Background Tumour necrosis factor (TNF) plays a pivotal role in controlling intracellular of bacterial infection. The BSR Biologics Register (BSRBR) has reported an increase in the occurrence of listeria and salmonella infections in anti-TNF-treated rheumatoid arthritis patients in comparison with those patients treated with non-biological DMARDs.

Objectives The aim of this study was to determine the incidence of gastrointestinal infection in the anti-TNF-treated spondyloarthritis (SpA) patients in the GISEA registry, and identify the factors associated with its development.

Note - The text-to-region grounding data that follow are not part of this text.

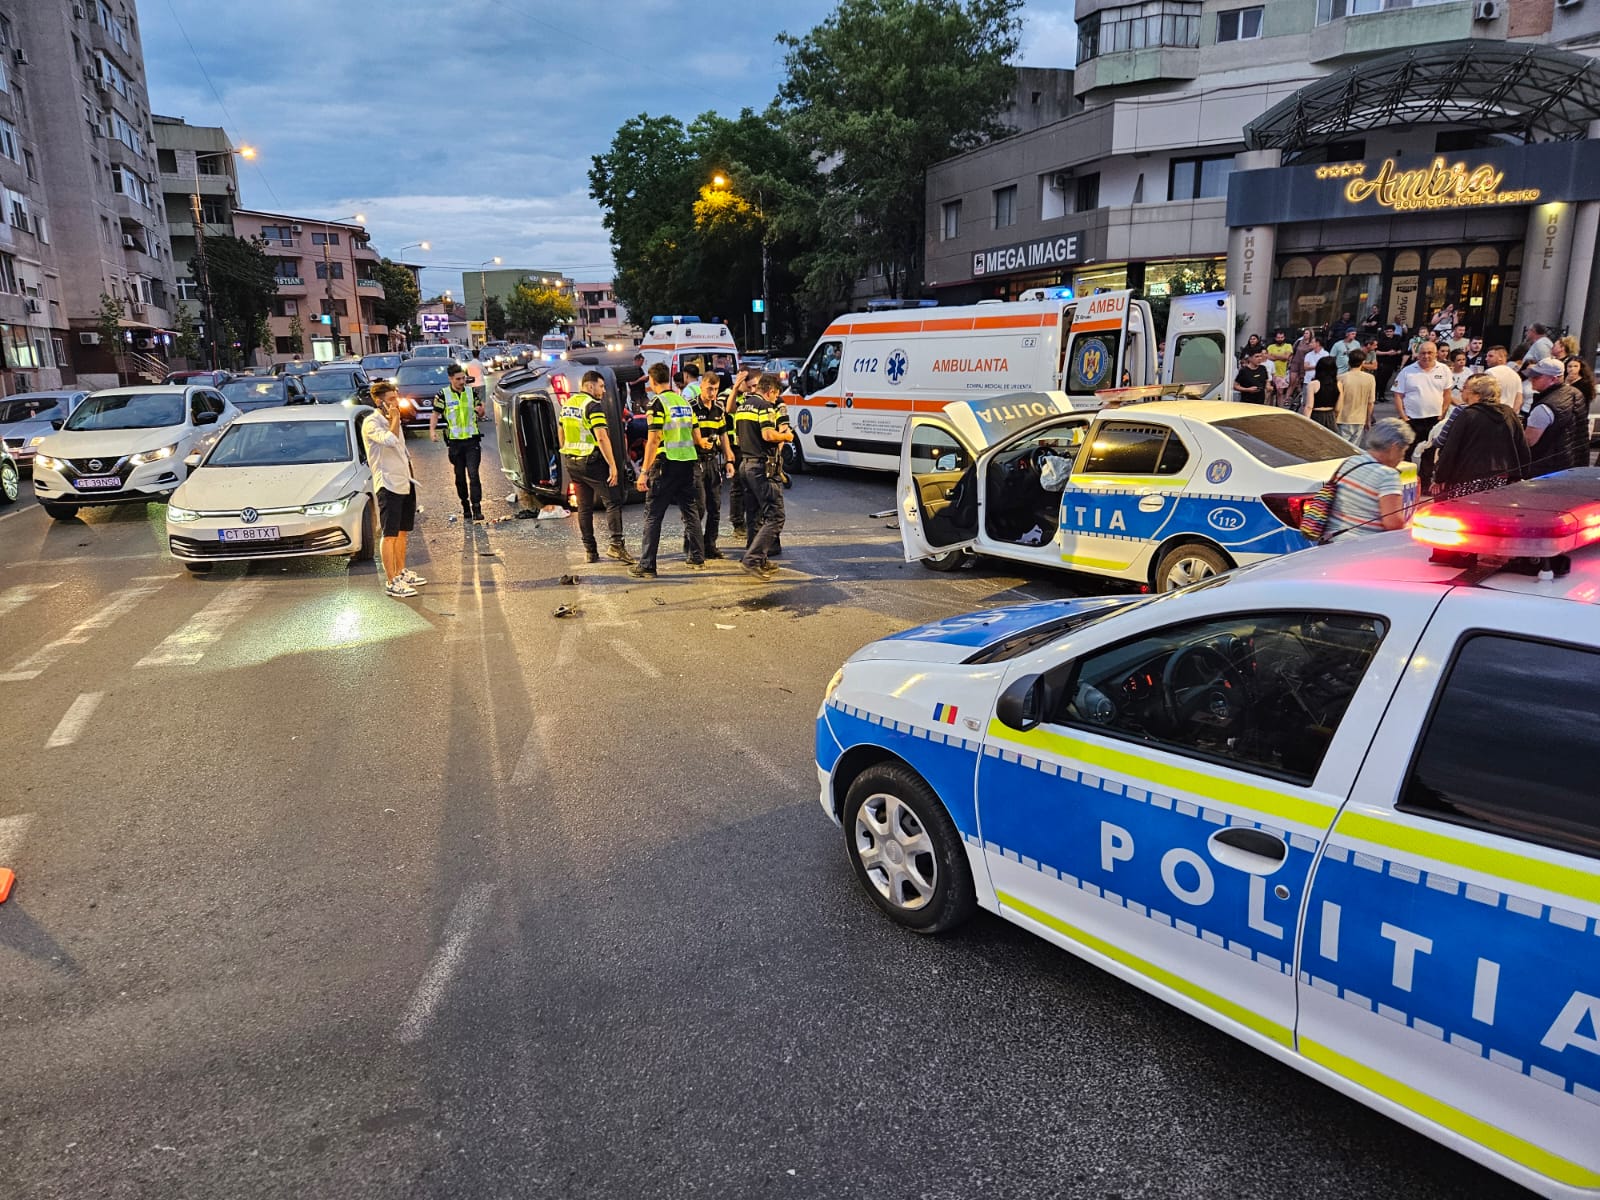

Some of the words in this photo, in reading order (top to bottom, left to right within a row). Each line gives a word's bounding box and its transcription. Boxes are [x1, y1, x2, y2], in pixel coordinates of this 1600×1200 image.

[1346, 157, 1504, 206] Ambra
[1394, 197, 1448, 210] BOUTIQUE
[1450, 194, 1484, 207] HOTEL
[1541, 214, 1559, 270] HOTEL
[986, 247, 1026, 272] MEGA
[1028, 236, 1077, 266] IMAGE
[1242, 236, 1255, 296] HOTEL
[1088, 297, 1125, 315] AMBU
[858, 358, 878, 373] 112
[932, 358, 1009, 372] AMBULANTA
[976, 402, 1060, 423] POLITIA
[1062, 505, 1126, 531] ITIA
[1218, 516, 1237, 528] 112
[225, 530, 239, 539] CT
[1100, 820, 1600, 1056] POLITIA
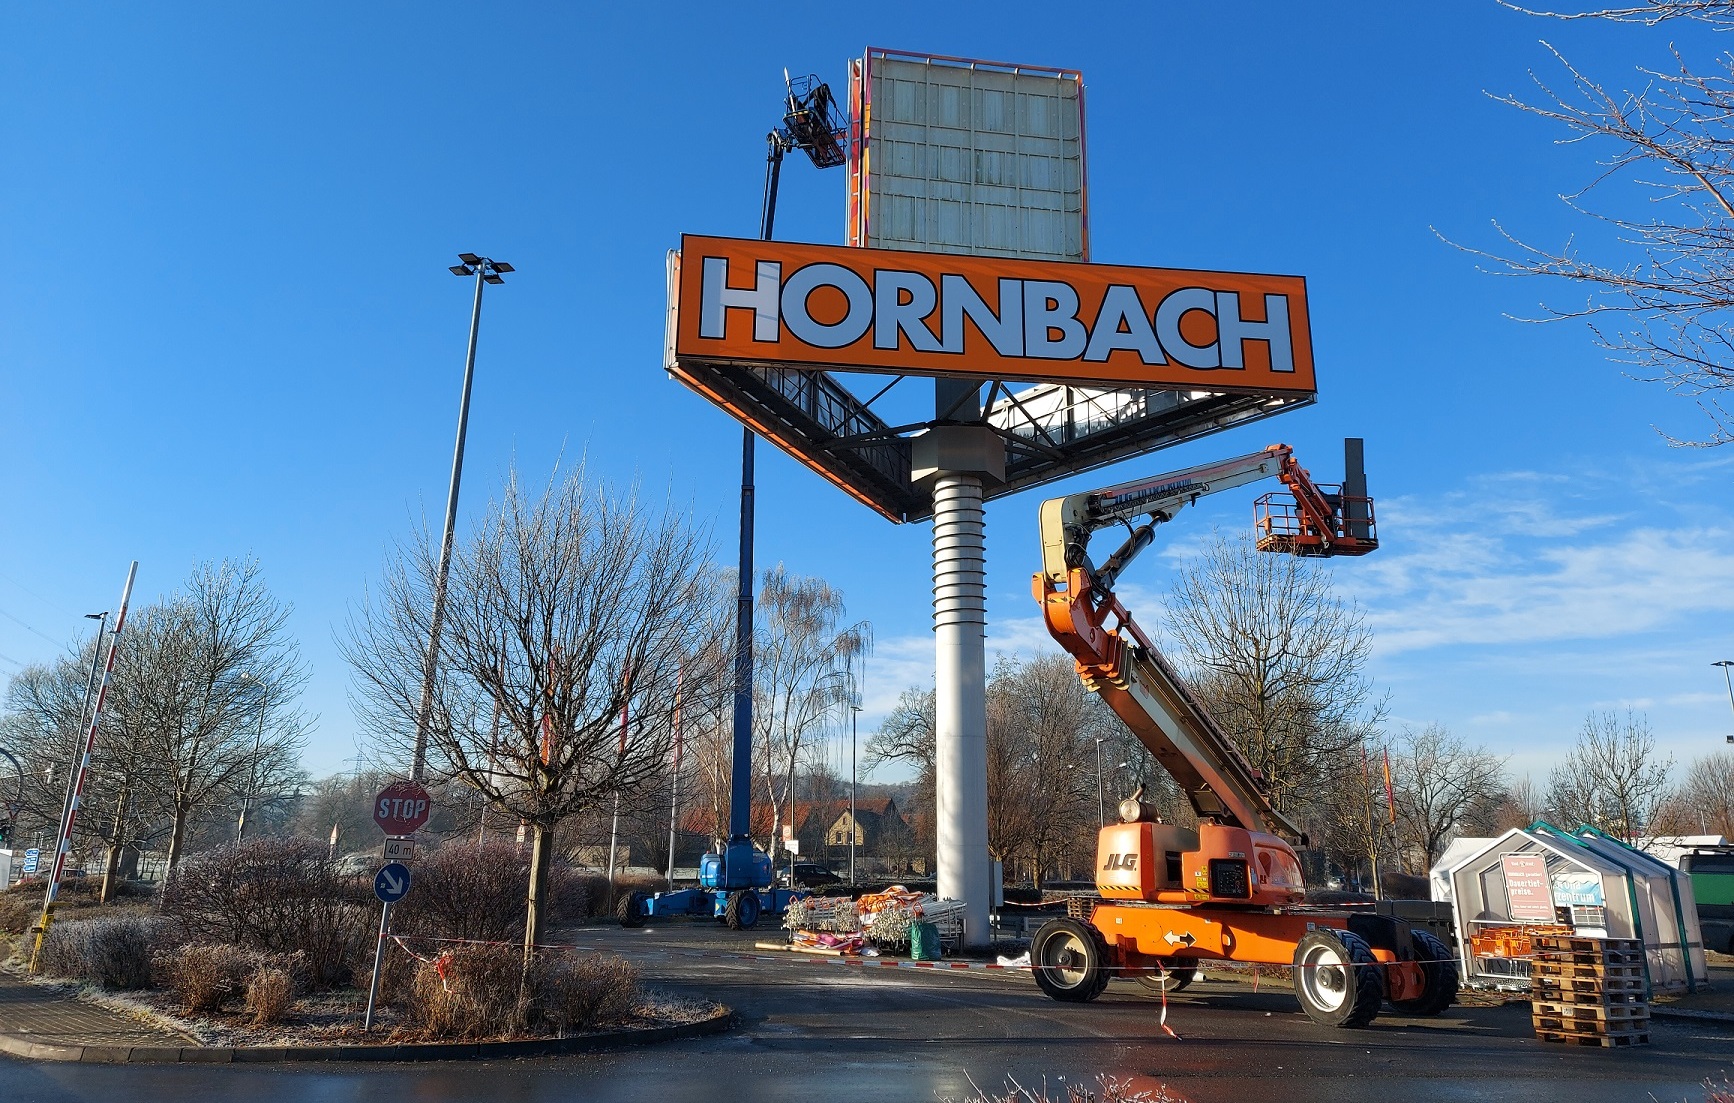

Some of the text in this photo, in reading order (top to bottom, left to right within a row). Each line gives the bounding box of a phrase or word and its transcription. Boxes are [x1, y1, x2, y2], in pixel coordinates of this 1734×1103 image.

[699, 255, 1295, 373] HORNBACH
[378, 798, 426, 819] STOP
[388, 844, 411, 856] 40 m
[1511, 888, 1534, 897] preise.
[1557, 892, 1595, 902] zentrum

Methods The prospective GISEA registry was designed to collect real-world clinical data concerning patients with RA or SpA treated with biological drugs. The baseline information includes demographics, disease duration, HAQ-DI, DAS-28, BASDAI, BASFI and BASMI scores, steroid use, smoking history and comorbidities.

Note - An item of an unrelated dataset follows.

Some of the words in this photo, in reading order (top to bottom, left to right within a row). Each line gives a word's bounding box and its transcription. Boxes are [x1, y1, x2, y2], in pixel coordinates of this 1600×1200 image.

Results Of the 3321 anti-TNF-treated SpA patients in the registry (1731 males, 52.2%; mean age 47±13 years; median disease duration three years, interquartile range [IQR] 0–8), 1065 (32%) were treated with infliximab (IFN), 1052 (32%) with adalimumab (ADA), and 1204 (36%) with etanercept (ETN). Two thousand, one hundred and five patients (63.4%) had a median of one comorbidity (IQR 0–2], the most frequent being hypertension (701), thyroid diseases (281), diabetes mellitus (207), cardiopathy (189), and osteoporosis (145). In combination with the biological drug, 919 patients (27.7%) received steroids and 2451 (79.9%) at least one DMARD. The median follow-up was three months (IQR 1–2 years). Twenty-two patients 0.7% experienced bacterial gastrointestinal infections, the most frequent being due to listeria, klebsilla and salmonella. The crude incidence rate was 2.5 per 1000 patient-years (95% CI 1.6–3.7). Univariate analysis showed that female gender (OR 3.9, 95% CI 1.5–10.0; p=0.004) and comorbidities (OR 3.4, 95% CI 1.0–3.5; p=0.049) were associated with a high risk of gastrointestinal infections, and that the use of IFN rather than ETN and ADA (p=0.712 and p=0.238) was not associated with a higher risk of gastrointestinal infections. Furthermore, univariate models showed that age (p=0.738), disease duration p=0.090, previous DMARDs (p=0.616), and HAQ (p=0.674) and BASFI (scores p=0.850) were not statistically significant predictors of gastrointestinal infections.

Conclusions The incidence rate of gastrointestinal infections in SpA patients treated with anti-TNF drugs is not increased. Being female and having comorbidities are predictive factors of gastrointestinal infections.